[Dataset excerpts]
◇ ◇ ◇ ◇ ◇

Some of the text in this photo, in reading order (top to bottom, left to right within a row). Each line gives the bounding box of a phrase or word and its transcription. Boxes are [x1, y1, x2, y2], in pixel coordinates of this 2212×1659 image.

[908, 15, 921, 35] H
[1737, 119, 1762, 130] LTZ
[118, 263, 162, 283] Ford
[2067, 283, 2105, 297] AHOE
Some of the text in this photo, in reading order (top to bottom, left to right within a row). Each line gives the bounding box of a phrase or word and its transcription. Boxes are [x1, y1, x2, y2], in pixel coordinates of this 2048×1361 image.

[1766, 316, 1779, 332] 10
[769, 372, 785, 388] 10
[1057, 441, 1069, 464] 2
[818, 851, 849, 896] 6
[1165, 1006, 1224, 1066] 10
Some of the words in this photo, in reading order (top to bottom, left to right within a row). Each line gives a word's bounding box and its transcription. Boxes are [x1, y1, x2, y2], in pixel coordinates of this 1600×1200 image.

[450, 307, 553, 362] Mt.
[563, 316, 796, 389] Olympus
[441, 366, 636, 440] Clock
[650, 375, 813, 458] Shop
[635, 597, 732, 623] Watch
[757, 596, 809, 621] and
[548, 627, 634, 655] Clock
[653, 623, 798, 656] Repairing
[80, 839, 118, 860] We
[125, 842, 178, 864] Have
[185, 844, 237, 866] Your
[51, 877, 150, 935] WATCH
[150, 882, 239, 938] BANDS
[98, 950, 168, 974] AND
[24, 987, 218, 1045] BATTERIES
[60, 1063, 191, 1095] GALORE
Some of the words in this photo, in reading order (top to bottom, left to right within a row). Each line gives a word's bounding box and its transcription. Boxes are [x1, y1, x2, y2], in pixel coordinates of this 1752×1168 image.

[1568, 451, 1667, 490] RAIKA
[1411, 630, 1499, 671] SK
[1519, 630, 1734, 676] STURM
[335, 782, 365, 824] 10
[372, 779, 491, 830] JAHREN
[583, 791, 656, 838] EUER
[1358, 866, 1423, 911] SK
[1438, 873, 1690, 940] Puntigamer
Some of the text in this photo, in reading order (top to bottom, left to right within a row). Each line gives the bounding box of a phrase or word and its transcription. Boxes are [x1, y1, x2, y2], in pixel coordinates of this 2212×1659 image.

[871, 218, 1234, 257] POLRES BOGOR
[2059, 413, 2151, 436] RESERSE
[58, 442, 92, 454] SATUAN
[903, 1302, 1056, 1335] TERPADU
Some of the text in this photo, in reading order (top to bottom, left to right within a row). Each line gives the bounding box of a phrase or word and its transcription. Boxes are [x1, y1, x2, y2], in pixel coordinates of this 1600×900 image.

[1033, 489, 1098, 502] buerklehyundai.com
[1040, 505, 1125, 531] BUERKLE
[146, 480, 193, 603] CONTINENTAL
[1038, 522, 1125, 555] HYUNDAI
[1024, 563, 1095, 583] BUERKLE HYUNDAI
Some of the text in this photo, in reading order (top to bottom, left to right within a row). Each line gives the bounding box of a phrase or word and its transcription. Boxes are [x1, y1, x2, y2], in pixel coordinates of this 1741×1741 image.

◇ ◇ ◇ ◇ ◇

» Exercise instructions
Return the entries in full, keeping every line exactly as it is.

» Task response
Some of the text in this photo, in reading order (top to bottom, left to right within a row). Each line gives the bounding box of a phrase or word and its transcription. Boxes are [x1, y1, x2, y2], in pixel coordinates of this 2212×1659 image.

[908, 15, 921, 35] H
[1737, 119, 1762, 130] LTZ
[118, 263, 162, 283] Ford
[2067, 283, 2105, 297] AHOE
Some of the text in this photo, in reading order (top to bottom, left to right within a row). Each line gives the bounding box of a phrase or word and its transcription. Boxes are [x1, y1, x2, y2], in pixel coordinates of this 2048×1361 image.

[1766, 316, 1779, 332] 10
[769, 372, 785, 388] 10
[1057, 441, 1069, 464] 2
[818, 851, 849, 896] 6
[1165, 1006, 1224, 1066] 10
Some of the words in this photo, in reading order (top to bottom, left to right within a row). Each line gives a word's bounding box and its transcription. Boxes are [x1, y1, x2, y2], in pixel coordinates of this 1600×1200 image.

[450, 307, 553, 362] Mt.
[563, 316, 796, 389] Olympus
[441, 366, 636, 440] Clock
[650, 375, 813, 458] Shop
[635, 597, 732, 623] Watch
[757, 596, 809, 621] and
[548, 627, 634, 655] Clock
[653, 623, 798, 656] Repairing
[80, 839, 118, 860] We
[125, 842, 178, 864] Have
[185, 844, 237, 866] Your
[51, 877, 150, 935] WATCH
[150, 882, 239, 938] BANDS
[98, 950, 168, 974] AND
[24, 987, 218, 1045] BATTERIES
[60, 1063, 191, 1095] GALORE
Some of the words in this photo, in reading order (top to bottom, left to right within a row). Each line gives a word's bounding box and its transcription. Boxes are [x1, y1, x2, y2], in pixel coordinates of this 1752×1168 image.

[1568, 451, 1667, 490] RAIKA
[1411, 630, 1499, 671] SK
[1519, 630, 1734, 676] STURM
[335, 782, 365, 824] 10
[372, 779, 491, 830] JAHREN
[583, 791, 656, 838] EUER
[1358, 866, 1423, 911] SK
[1438, 873, 1690, 940] Puntigamer
Some of the text in this photo, in reading order (top to bottom, left to right within a row). Each line gives the bounding box of a phrase or word and its transcription. Boxes are [x1, y1, x2, y2], in pixel coordinates of this 2212×1659 image.

[871, 218, 1234, 257] POLRES BOGOR
[2059, 413, 2151, 436] RESERSE
[58, 442, 92, 454] SATUAN
[903, 1302, 1056, 1335] TERPADU
Some of the text in this photo, in reading order (top to bottom, left to right within a row). Each line gives the bounding box of a phrase or word and its transcription. Boxes are [x1, y1, x2, y2], in pixel coordinates of this 1600×900 image.

[1033, 489, 1098, 502] buerklehyundai.com
[1040, 505, 1125, 531] BUERKLE
[146, 480, 193, 603] CONTINENTAL
[1038, 522, 1125, 555] HYUNDAI
[1024, 563, 1095, 583] BUERKLE HYUNDAI
Some of the text in this photo, in reading order (top to bottom, left to right within a row). Each line gives the bounding box of a phrase or word and its transcription. Boxes are [x1, y1, x2, y2], in pixel coordinates of this 1741×1741 image.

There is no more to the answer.